• **Required work**:
Leave the pictures out and print every record below exactly as it stands.

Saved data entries
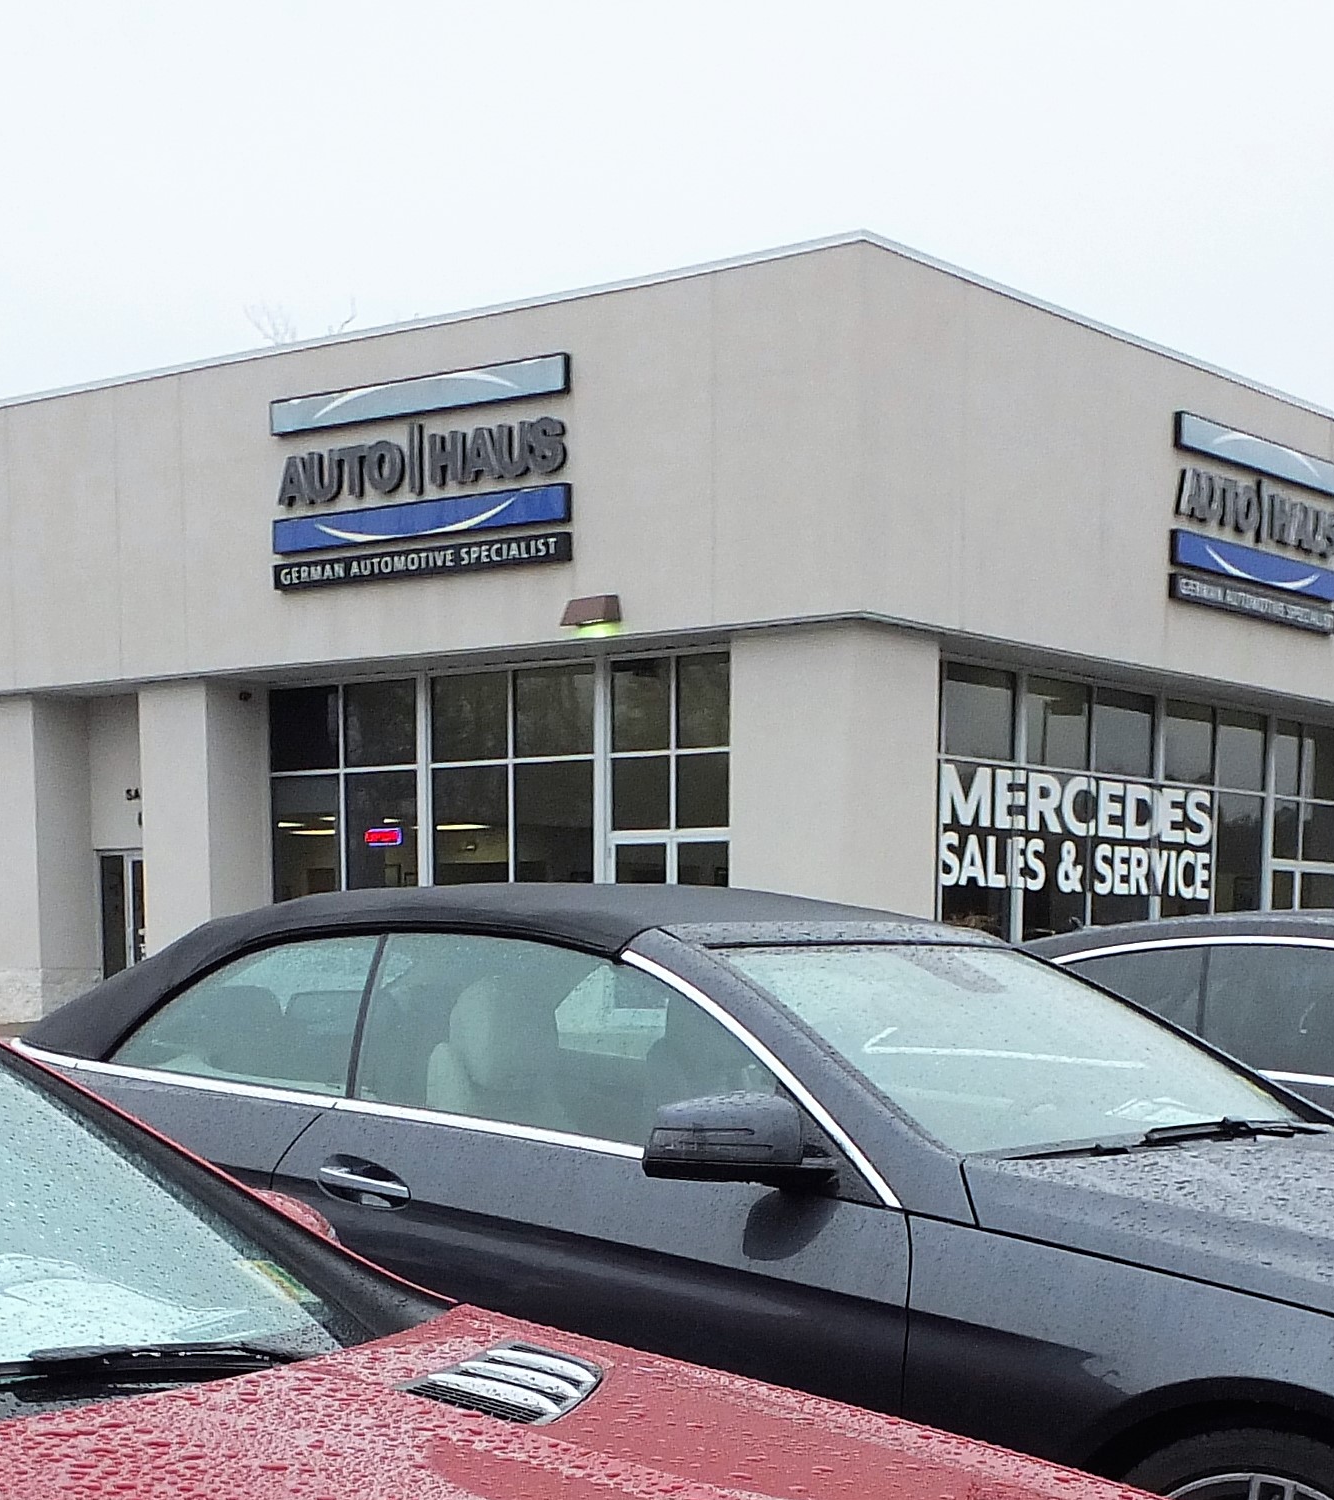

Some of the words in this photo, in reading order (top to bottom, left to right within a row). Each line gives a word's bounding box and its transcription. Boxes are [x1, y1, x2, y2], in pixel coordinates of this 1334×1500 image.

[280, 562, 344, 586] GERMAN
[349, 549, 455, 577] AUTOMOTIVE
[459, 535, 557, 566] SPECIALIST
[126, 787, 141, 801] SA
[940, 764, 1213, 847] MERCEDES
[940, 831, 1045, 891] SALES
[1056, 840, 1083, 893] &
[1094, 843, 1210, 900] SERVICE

• **Task result**:
Some of the words in this photo, in reading order (top to bottom, left to right within a row). Each line gives a word's bounding box and its transcription. Boxes are [x1, y1, x2, y2], in pixel coordinates of this 1334×1500 image.

[280, 562, 344, 586] GERMAN
[349, 549, 455, 577] AUTOMOTIVE
[459, 535, 557, 566] SPECIALIST
[126, 787, 141, 801] SA
[940, 764, 1213, 847] MERCEDES
[940, 831, 1045, 891] SALES
[1056, 840, 1083, 893] &
[1094, 843, 1210, 900] SERVICE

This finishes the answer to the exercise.